Mobile shoppers represent a steadily growing segment of the Alex and Ani customer base, and the client wanted a mobile app that would streamline the shopping experience while providing a delightful and lifestyle-rich experience.
Though the retail shopping experience provided an innovative way to shop
that enhanced discovery, the current digital experience did not provide a way for customers
to discover meaningful and relevant products that aligned with the way they shopped in-store.
I worked with an agile product team consisting of a product manager, a product designer, and two front-end engineers.

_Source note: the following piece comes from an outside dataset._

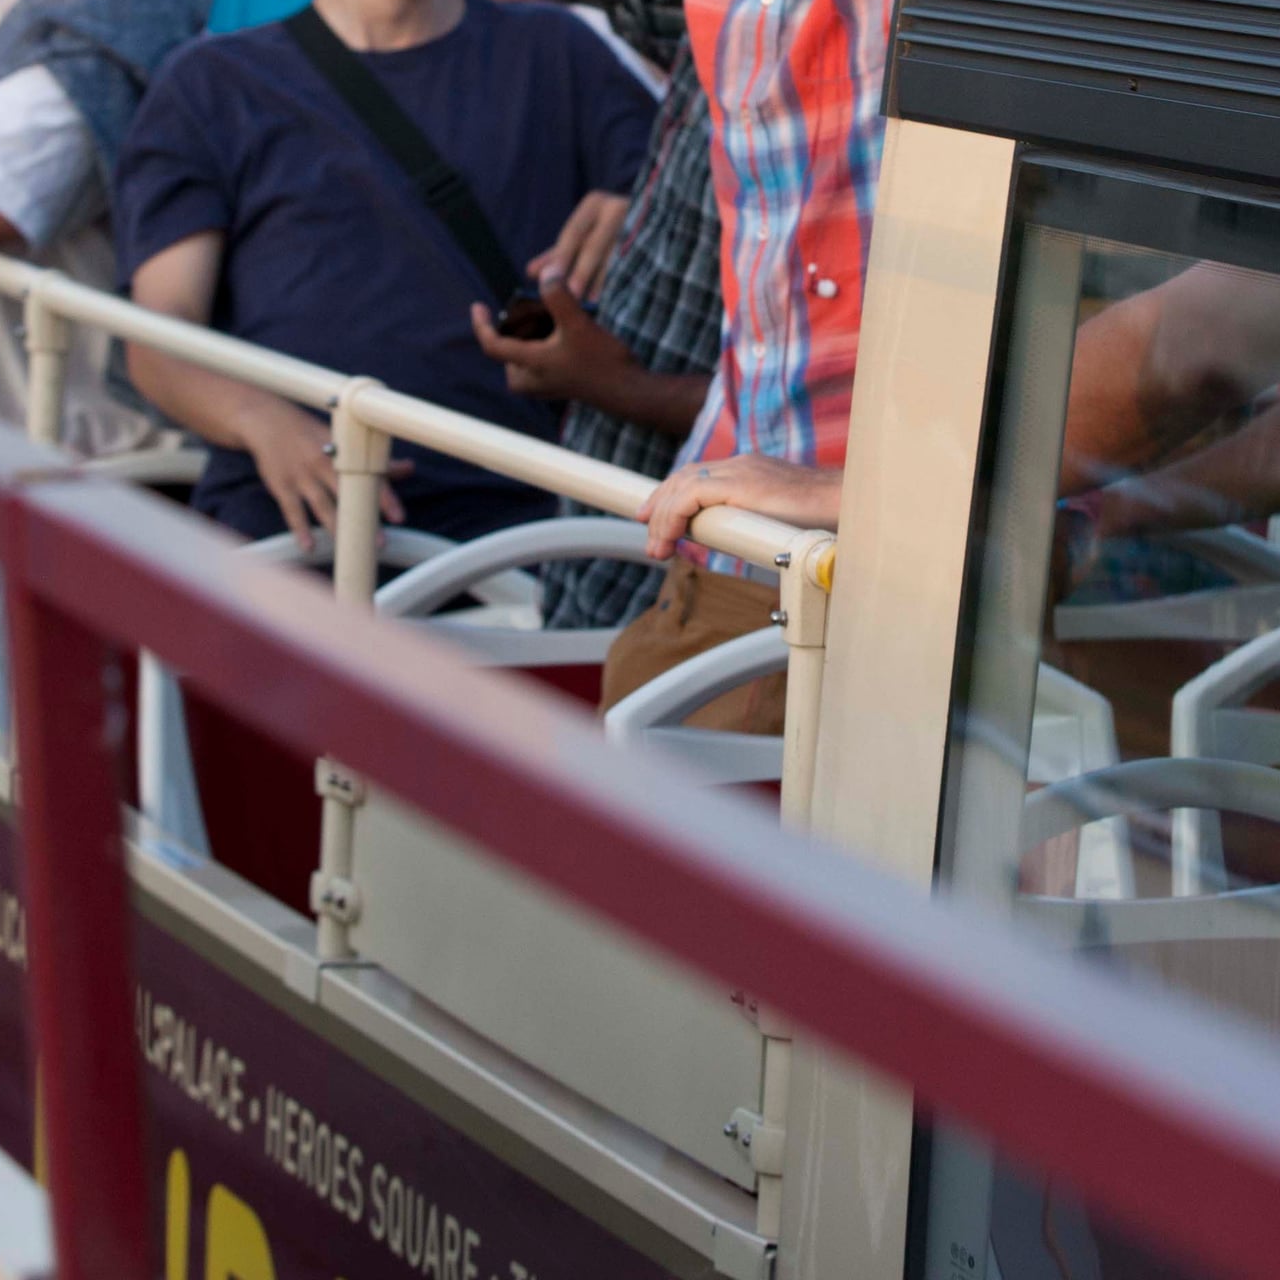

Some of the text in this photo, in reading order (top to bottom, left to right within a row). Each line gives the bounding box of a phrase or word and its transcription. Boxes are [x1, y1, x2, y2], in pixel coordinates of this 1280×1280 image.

[153, 1002, 246, 1133] PALACE
[266, 1084, 363, 1223] HEROES
[370, 1164, 481, 1280] SQUARE

Minus a few improvements that I was a part of, the Alex and Ani core commerce experience was more or less built by the previous team when I came on board. For the v2 phase of the project, we were tasked with enhancing product discovery and creating a broader lifestyle experience, and post-release with adding improvements to the core commerce experience, and enhancing checkout with a variety of native payment options such as Apple Pay and PayPal.
To help us launch our brainstorm and give us structure, I conducted a How Might We exercise. This is what we came up with:
... an enhanced mobile shopping experience that aligned with the rich
and discovery-focused retail experience
... new and core Alex and Ani shoppers
... easily find products based on personal meaning
... the overall user experience and immerse them fully in the
Alex and Ani lifestyle brand
While we had one big ask, as you know, projects aren't always nice and neat.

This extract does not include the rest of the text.